E infatti, quando questo chitarrista fa quello che vuole, seguendo il proprio istinto, ecco che ti arriva “Aftershock”, una scossa sismica di puro, autentico hard rock, di qualità sopraffina, con armonici ottavati ad aprire le danze, seguite da un riff serratissimo. Ottime le voci e bellissimo il finale, impreziosito da chitarra solista a ruota libera e da uno stop improvviso, che riporta in modo efficace il brano al giro iniziale, fino a sfumare.
“Doin' Time” e “Baluchitherium” sono due strumentali in cui i fratelli Van Halen si ritagliano prepotentemente un momento di gloria personale. Il primo è un assolo di batteria e percussioni, un po’ pretenzioso, che ho sempre faticato a inquadrare in questa collocazione “studio” piuttosto che in una più consona sede “live” (forse solo John Bonham può permettersi su disco una “Moby Dick” e una “Bonzo’s Montreaux” tutte per sé). Il secondo è un gradevole esercizio di stile per chitarra elettrica, destinato, forse, ad un disco solista di Eddie, mai andato in porto.
“Take Me Back (Deja Vu)”, introdotta da altro effetto sonoro, nasce da un vecchio riff scritto molti anni prima, in cui si può apprezzare una bella acustica, ma sinceramente niente di indimenticabile.
Grandissimo colpo di coda è il finale del disco affidato a “Feelin'”. Il brano si sviluppa partendo con un arpeggio, in cui la chitarra è in lieve saturazione, con una potenza che si trattiene a stento, che difatti si libera al minuto 1:40 in una grande esplosione.

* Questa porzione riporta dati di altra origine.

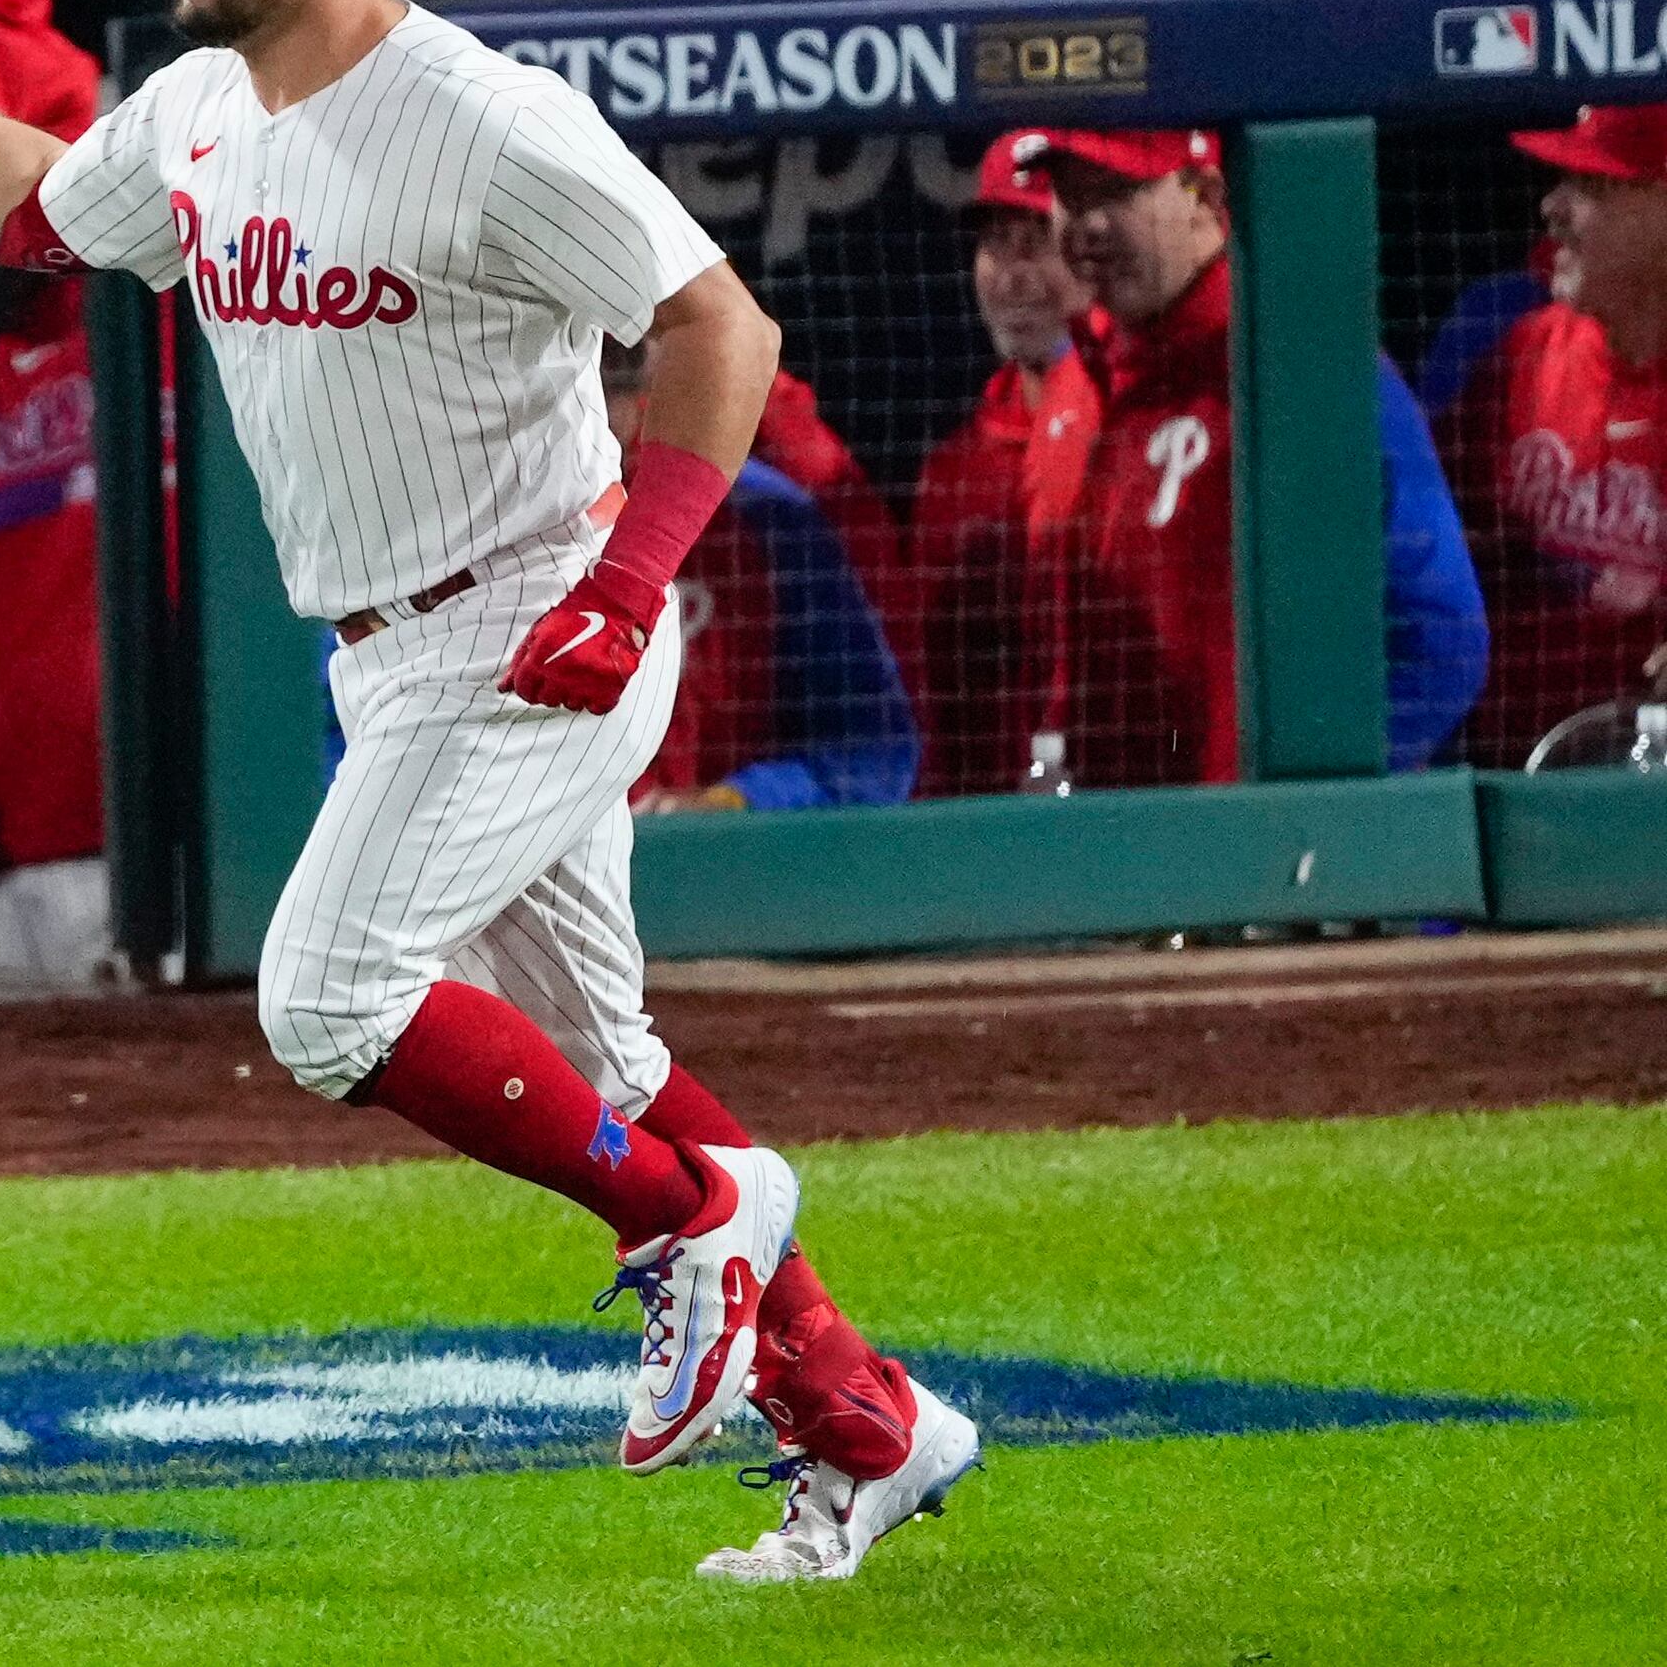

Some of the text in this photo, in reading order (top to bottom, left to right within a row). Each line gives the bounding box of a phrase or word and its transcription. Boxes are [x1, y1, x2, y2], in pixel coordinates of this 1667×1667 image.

[973, 32, 1149, 83] 2023
[169, 189, 420, 331] Phillies
[1145, 415, 1212, 529] P

Il brano è un altro 10 e lode, in cui sentimento ed energia si dosano e poi deflagrano lasciandoci senza fiato. La folle corsa dell’assolo di chitarra è uno di quei momenti in cui ci si deve fermare, ascoltare, imparare e riflettere. Qualcosa di unico. Il pezzo termina con un accenno di orchestrazione in stile “Kashmir”, che chiude il disco in modo degnissimo.
Nella gestione confusa di manager e casa discografica c’è di tutto: “Baluchitherium” è assente nella versione su vinile, vengono pubblicate due edizioni della copertina (quella dei gemelli siamesi viene ritenuta troppo forte in alcuni Paesi) e un pezzo, “Crossing Over”, è presente solo in edizione giapponese. Proprio in questo brano Eddie suona tutti gli strumenti, lasciando a Sammy la parte vocale principale e al fratello Alex solo qualche sovraincisione di batteria. Pezzaccio oscuro, originale e profondo, che avrebbe ben figurato sulla versione ufficiale del disco al posto di qualche filler.

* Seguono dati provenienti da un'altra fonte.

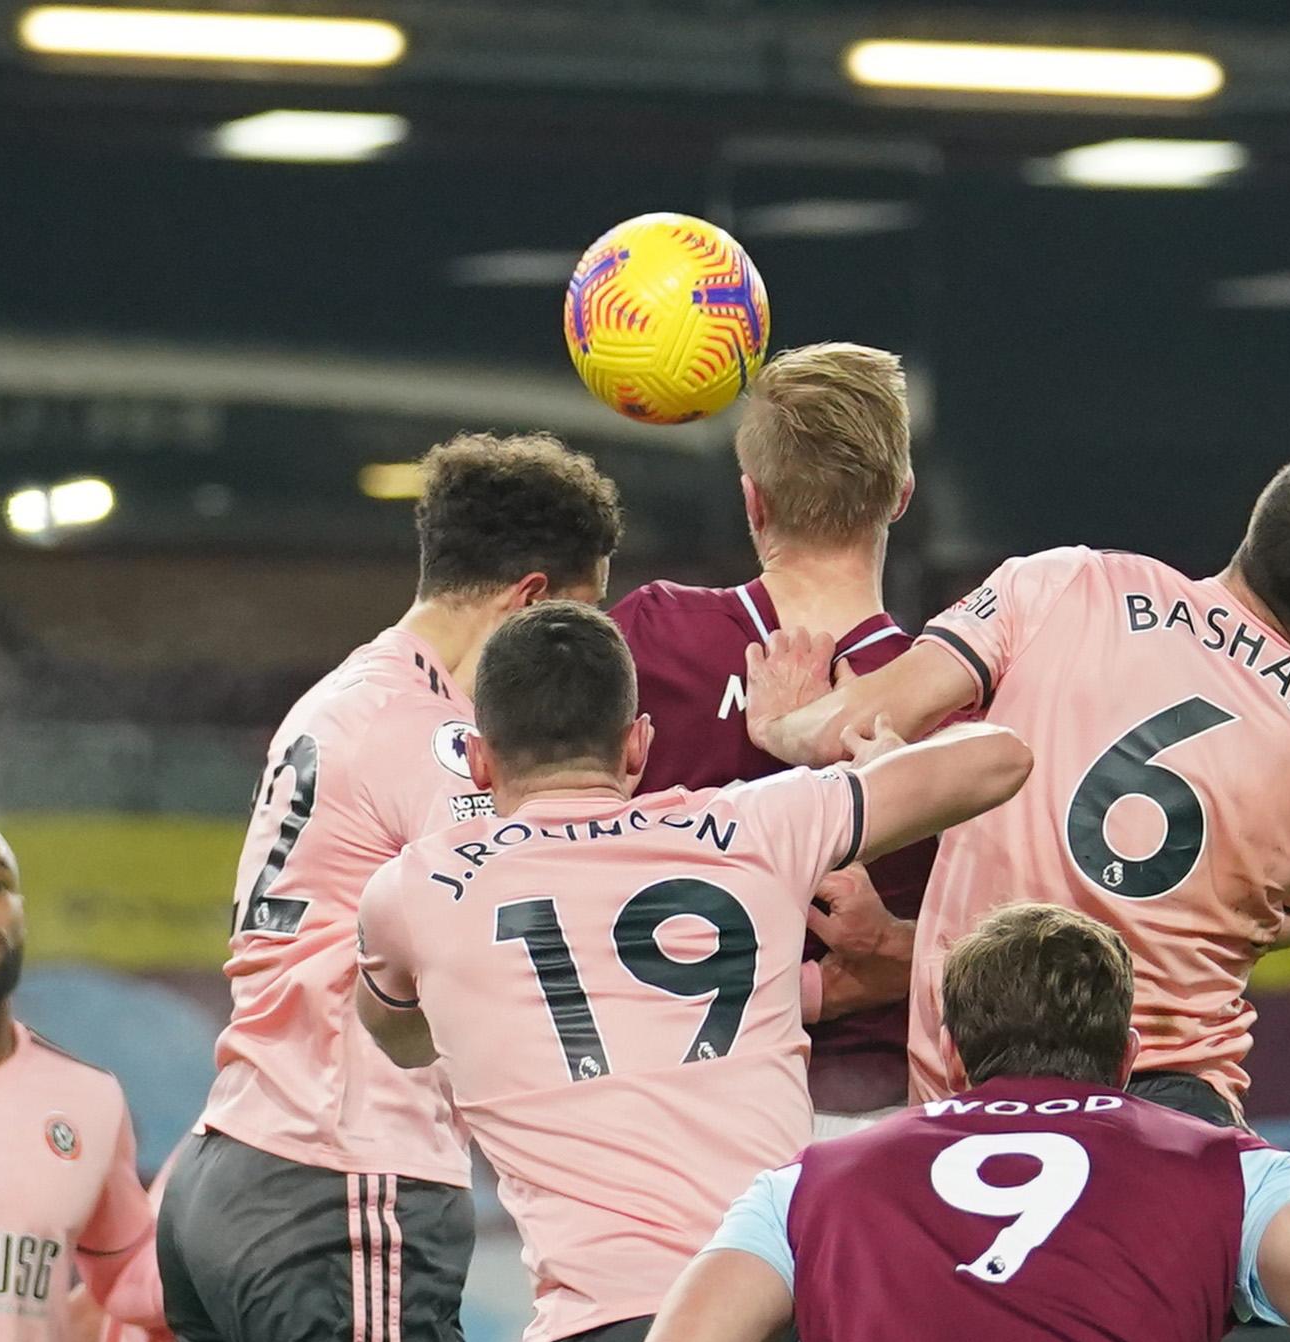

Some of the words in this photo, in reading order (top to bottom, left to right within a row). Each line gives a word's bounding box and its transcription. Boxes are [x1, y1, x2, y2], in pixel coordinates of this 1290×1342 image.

[429, 809, 739, 902] J.ROINON
[1066, 695, 1242, 899] 6
[491, 874, 761, 1083] 19
[923, 1095, 1124, 1117] WOOD
[930, 1131, 1091, 1284] 9

Dovrei mettere un voto, ma lo sapete, se si parla dei Van Halen smetto di ragionare e straparla solo il cuore. Nonostante l’incostanza e qualche pasticcio, adoro “Balance” e gli assegno un 9 in virtù dei picchi dei brani migliori e per il rispetto di una grande band, che a suo tempo piazzò per la quarta volta di seguito un disco direttamente al primo posto alla sua pubblicazione. Cos’altro aggiungere che non si sia già abbondantemente capito da questo sproloquio? Amo questo gruppo e tendo spesso a parlarne come di una donna che mi ha ferito. Non ho mai apprezzato la distanza incolmabile che la band mette fra sé ed i fans, i silenzi e le spiegazioni mai chiare, le eterne beghe; tutta roba che aggiunta ai demoni personali di Eddie ha decretato uno spreco di tempo e un sacco di occasioni buttate al vento. Io me li voglio ricordare per sempre così, congelati al decimo sigillo della carriera, anno 1995. Grandissimi.